TASK ITEM>
The entries below should be set down again exactly, with every picture left out.

(Beginning of MATERIAL SUPPLIED)

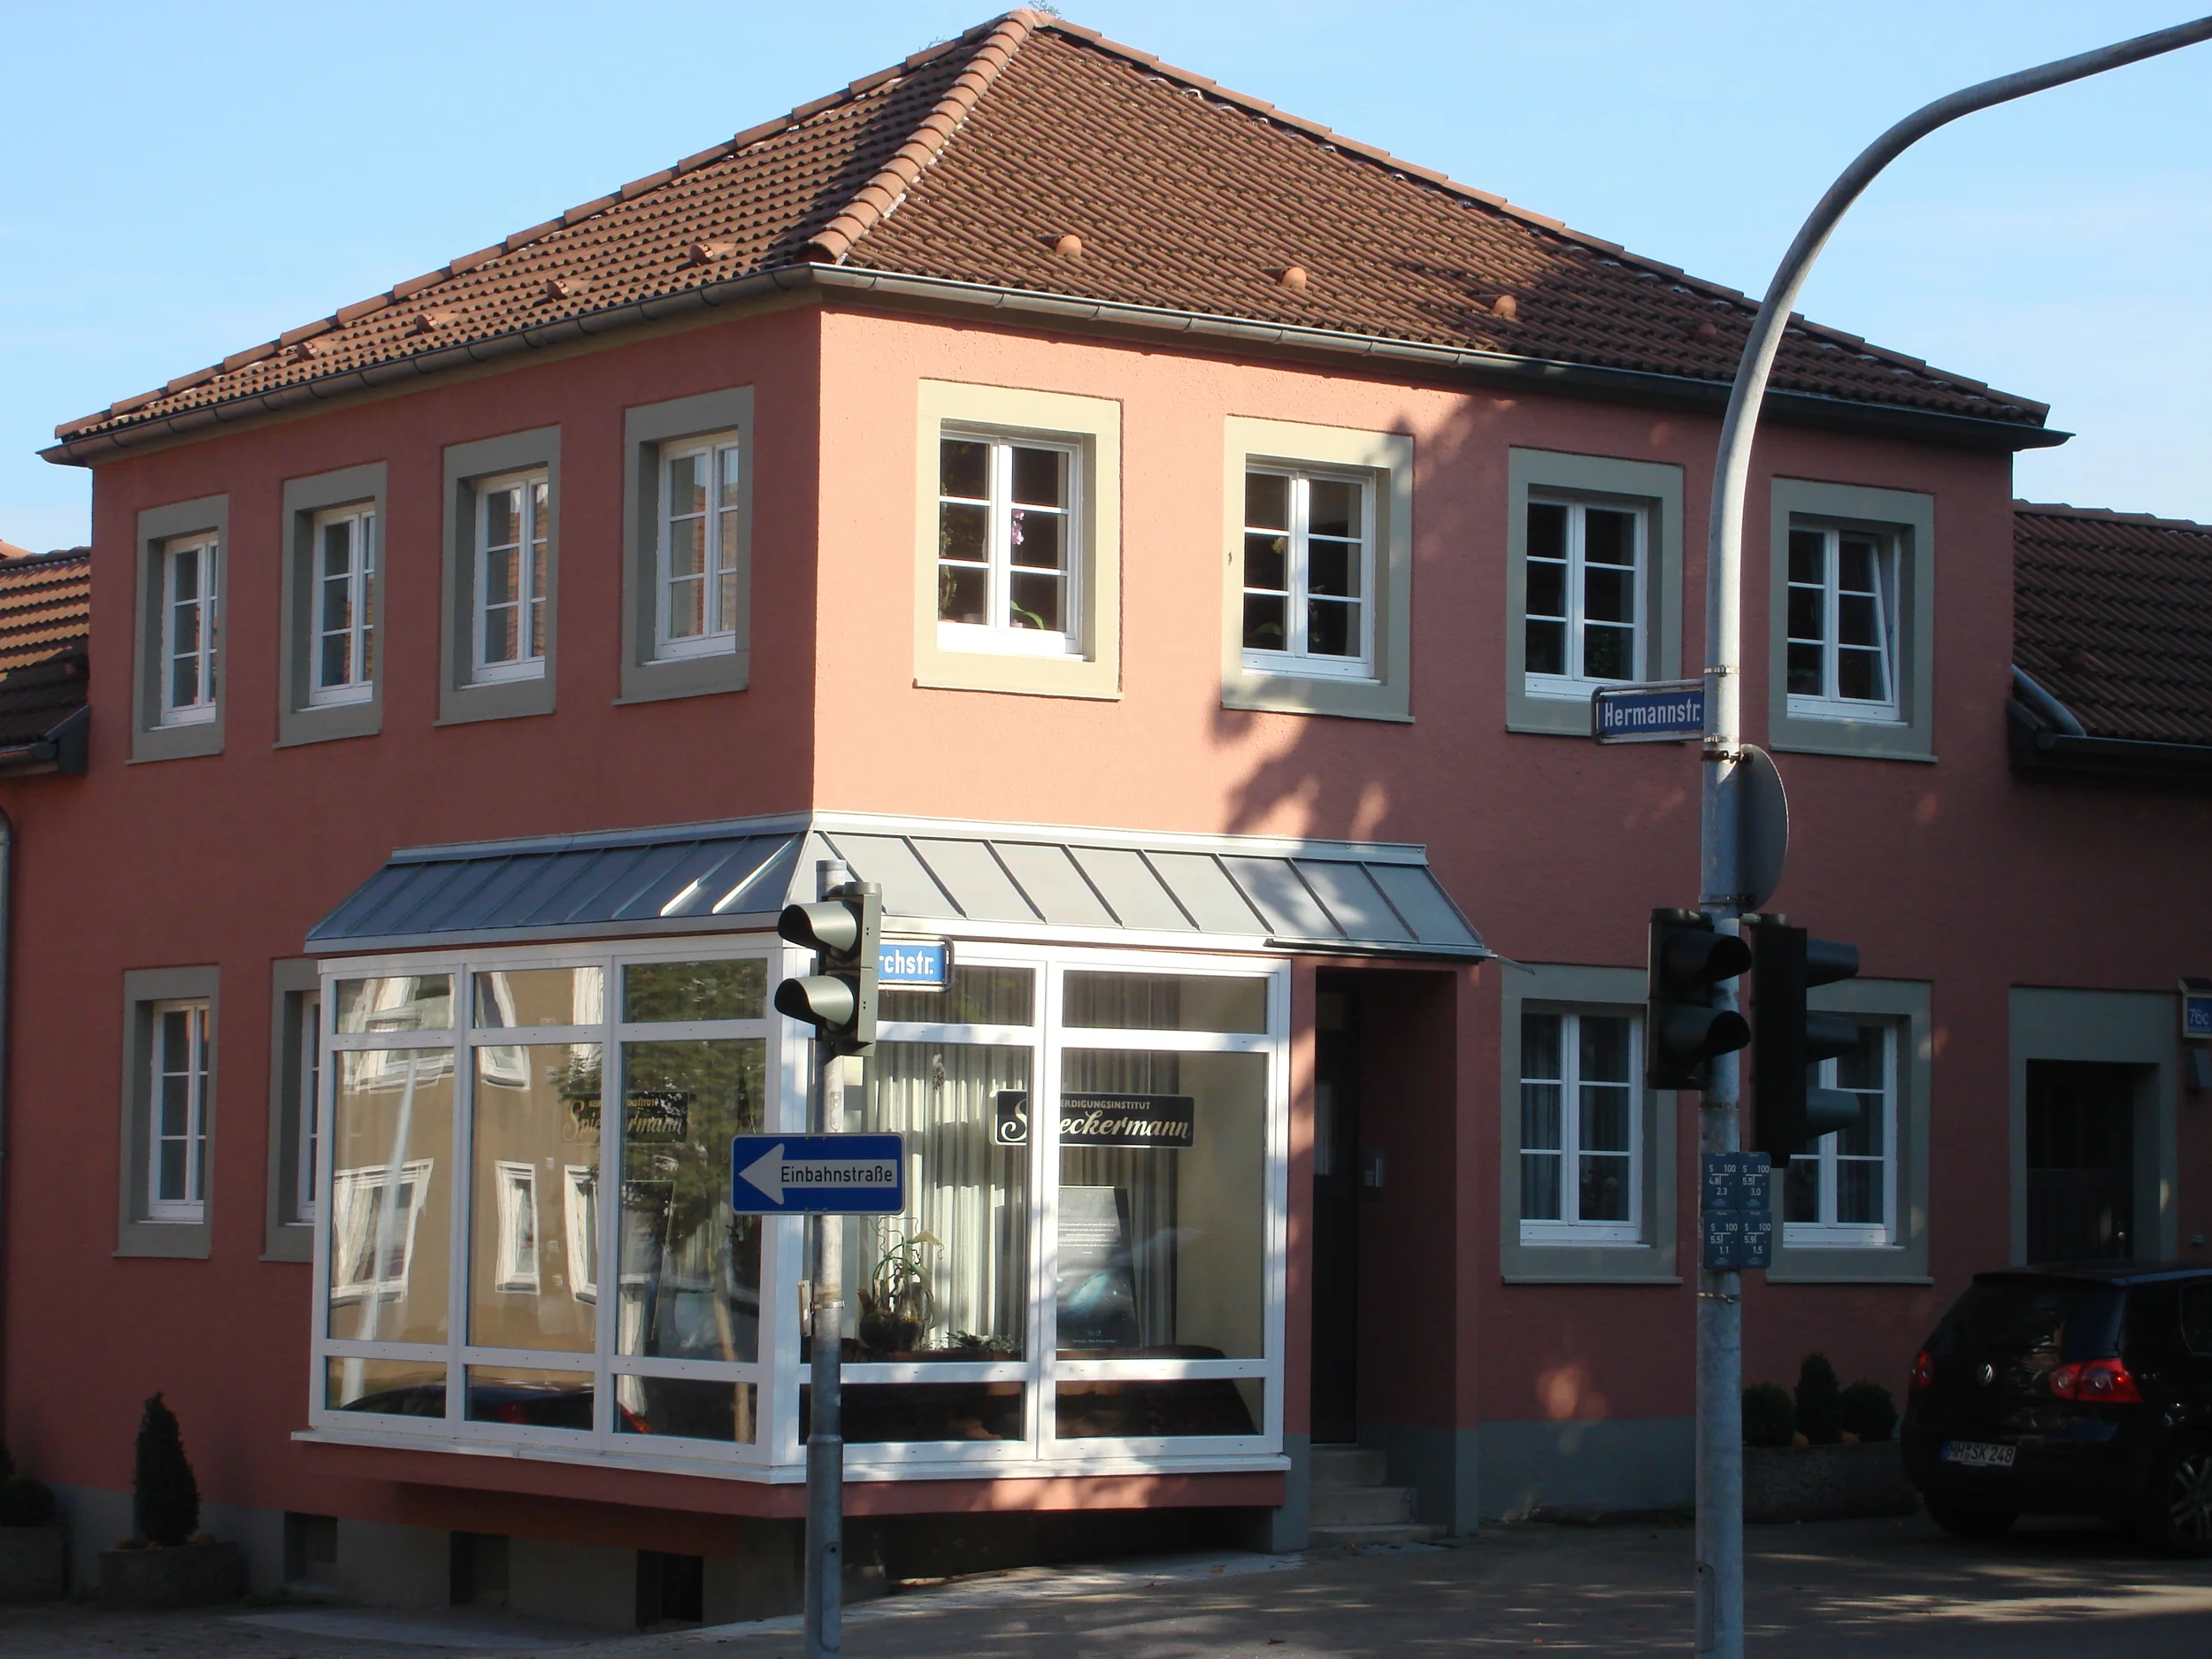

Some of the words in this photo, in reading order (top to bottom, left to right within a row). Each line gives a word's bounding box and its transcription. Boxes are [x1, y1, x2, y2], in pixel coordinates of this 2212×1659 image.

[1604, 697, 1701, 726] Hermannstr.
[879, 949, 934, 975] chstr.
[2189, 1009, 2210, 1025] 76c
[780, 1165, 893, 1183] Einbahnstraße
[1709, 1164, 1714, 1172] S
[1724, 1164, 1737, 1173] 100
[1742, 1164, 1747, 1173] S
[1757, 1164, 1770, 1173] 100
[1710, 1223, 1716, 1232] S
[1725, 1223, 1738, 1232] 100
[1744, 1223, 1749, 1232] S
[1759, 1223, 1771, 1232] 100
[1970, 1444, 1989, 1461] SK
[1988, 1446, 2014, 1463] 248

(End of MATERIAL SUPPLIED)

SOLUTION FOR THIS TASK>
Some of the words in this photo, in reading order (top to bottom, left to right within a row). Each line gives a word's bounding box and its transcription. Boxes are [x1, y1, x2, y2], in pixel coordinates of this 2212×1659 image.

[1604, 697, 1701, 726] Hermannstr.
[879, 949, 934, 975] chstr.
[2189, 1009, 2210, 1025] 76c
[780, 1165, 893, 1183] Einbahnstraße
[1709, 1164, 1714, 1172] S
[1724, 1164, 1737, 1173] 100
[1742, 1164, 1747, 1173] S
[1757, 1164, 1770, 1173] 100
[1710, 1223, 1716, 1232] S
[1725, 1223, 1738, 1232] 100
[1744, 1223, 1749, 1232] S
[1759, 1223, 1771, 1232] 100
[1970, 1444, 1989, 1461] SK
[1988, 1446, 2014, 1463] 248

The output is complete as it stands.